# Source data
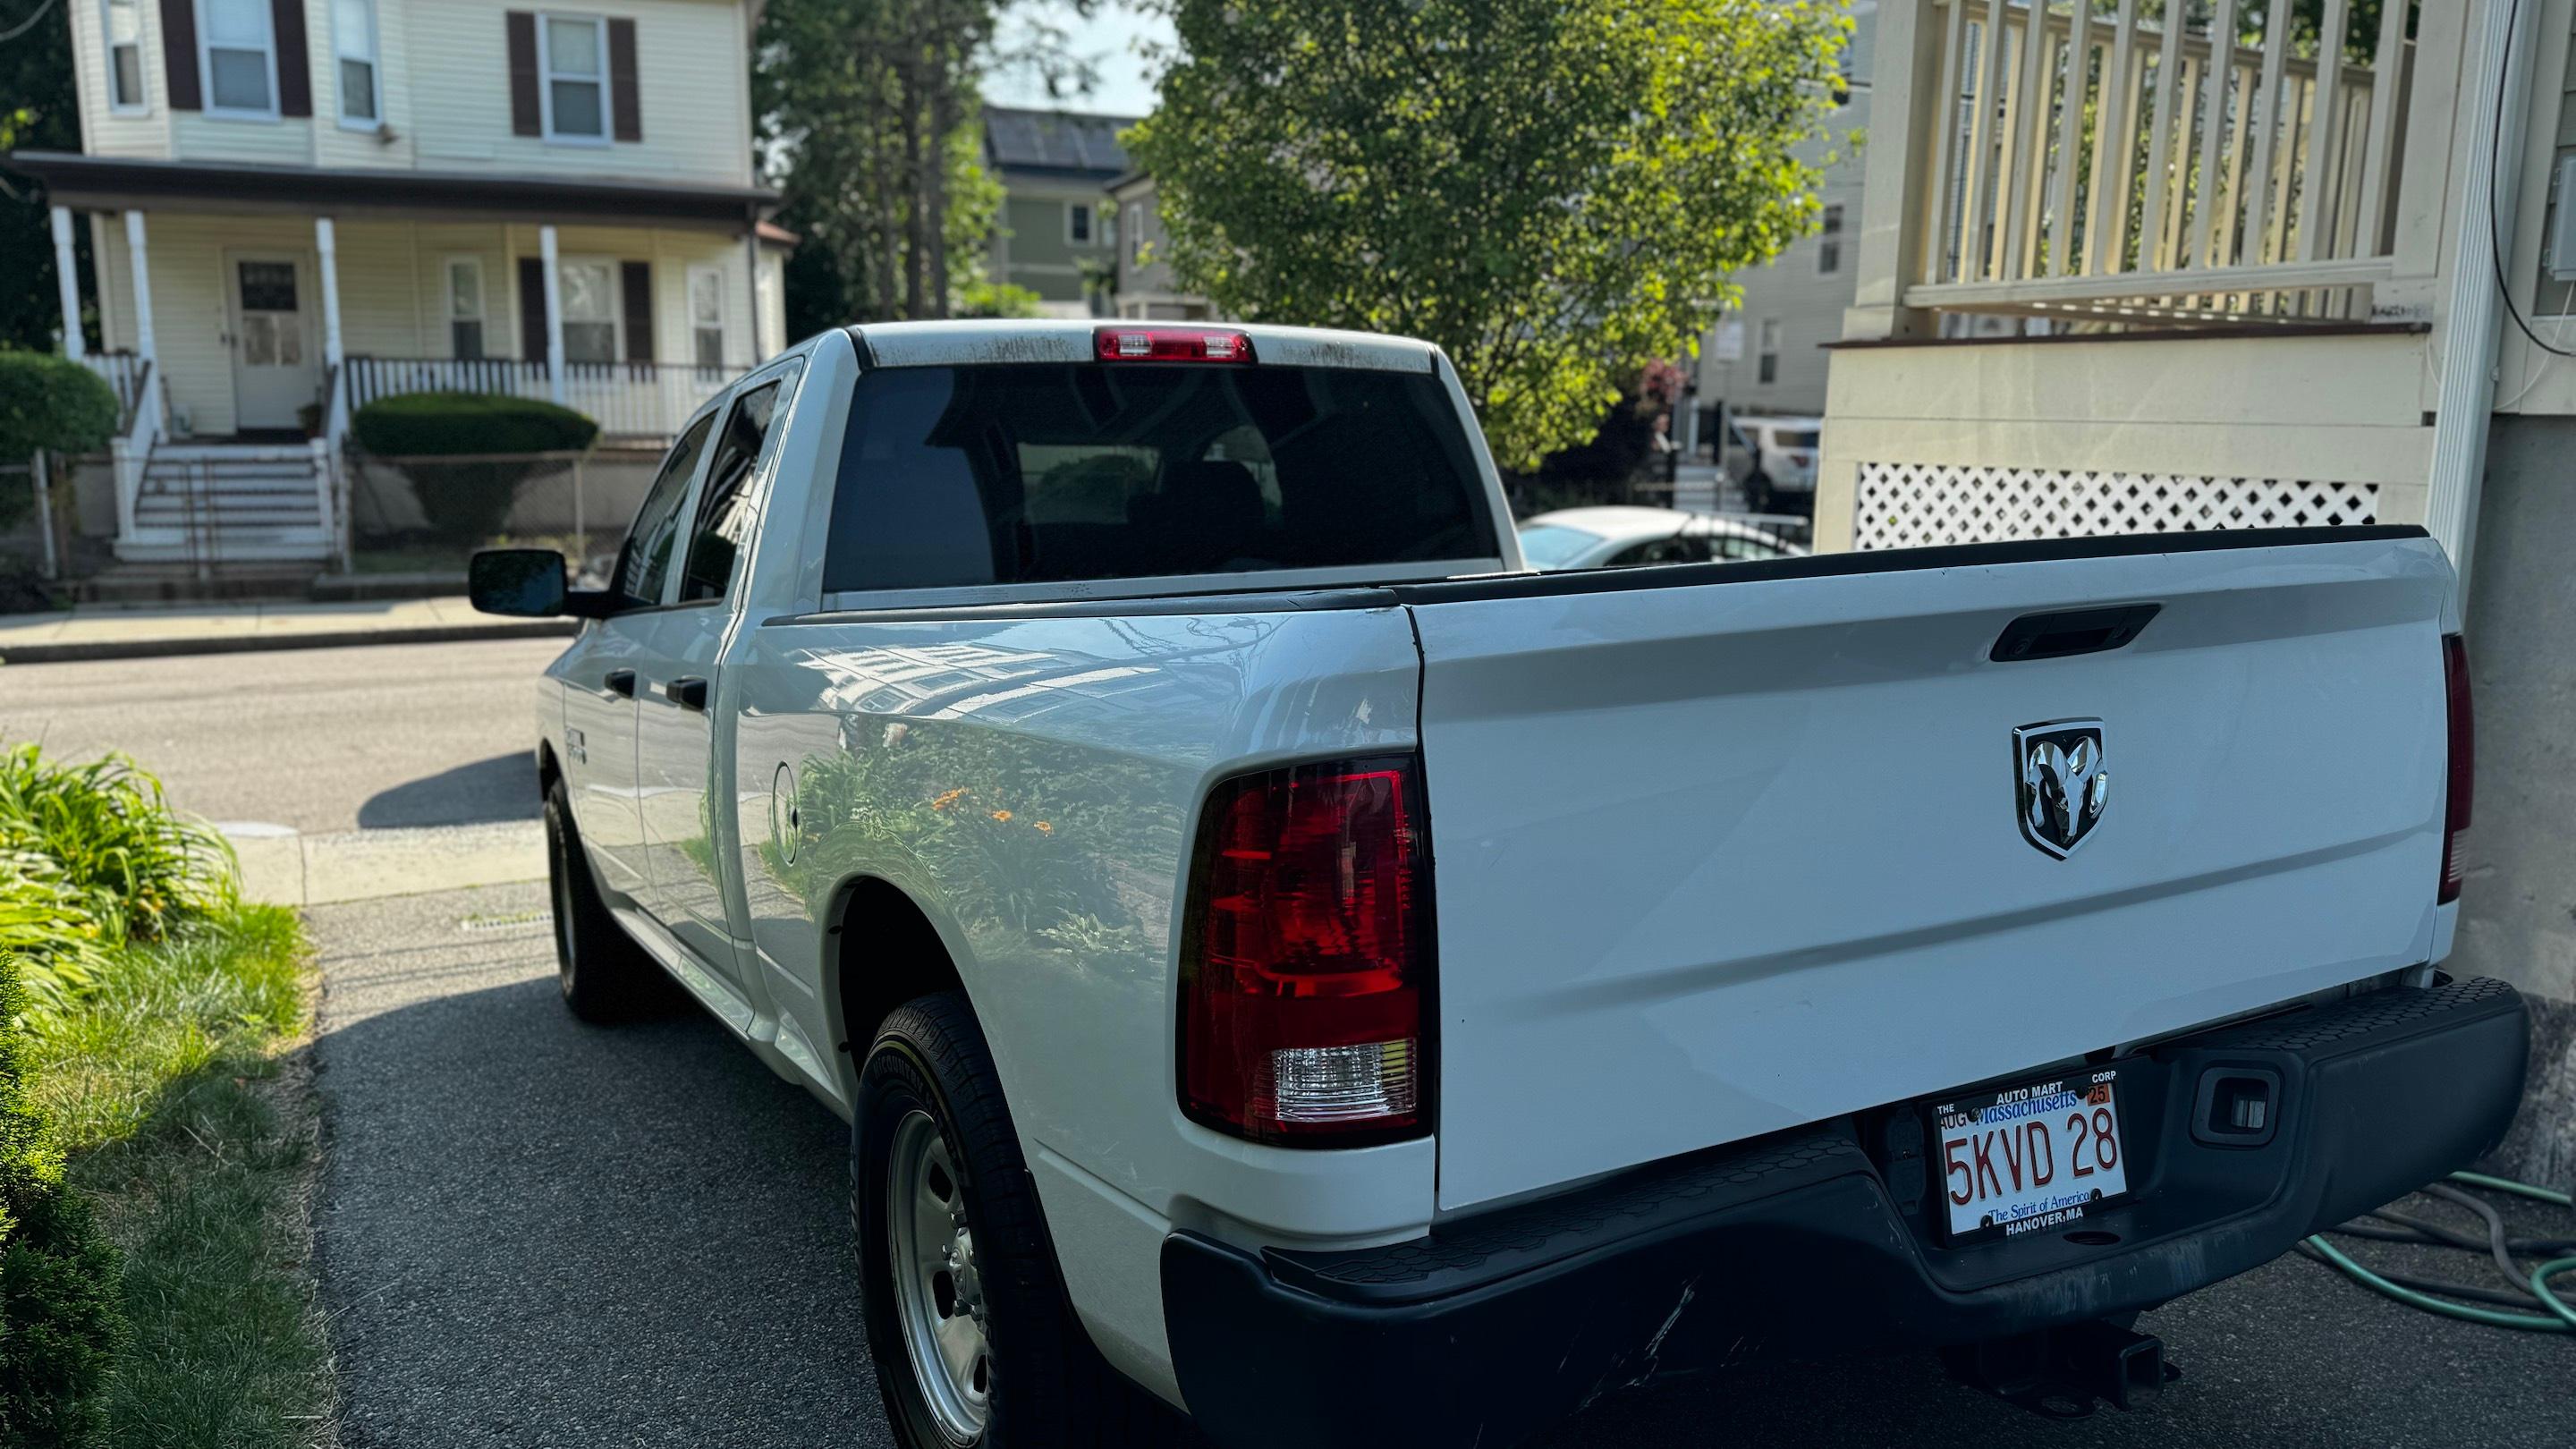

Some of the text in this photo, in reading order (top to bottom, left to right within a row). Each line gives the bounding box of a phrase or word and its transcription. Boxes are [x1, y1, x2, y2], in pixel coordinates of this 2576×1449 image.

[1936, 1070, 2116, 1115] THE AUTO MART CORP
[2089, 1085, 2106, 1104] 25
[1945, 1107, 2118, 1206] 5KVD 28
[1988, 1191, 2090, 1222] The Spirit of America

# The problem
All of the listing is to be written out exactly, with the pictures left out.

# Output of the exercise
Some of the text in this photo, in reading order (top to bottom, left to right within a row). Each line gives the bounding box of a phrase or word and its transcription. Boxes are [x1, y1, x2, y2], in pixel coordinates of this 2576×1449 image.

[1936, 1070, 2116, 1115] THE AUTO MART CORP
[2089, 1085, 2106, 1104] 25
[1945, 1107, 2118, 1206] 5KVD 28
[1988, 1191, 2090, 1222] The Spirit of America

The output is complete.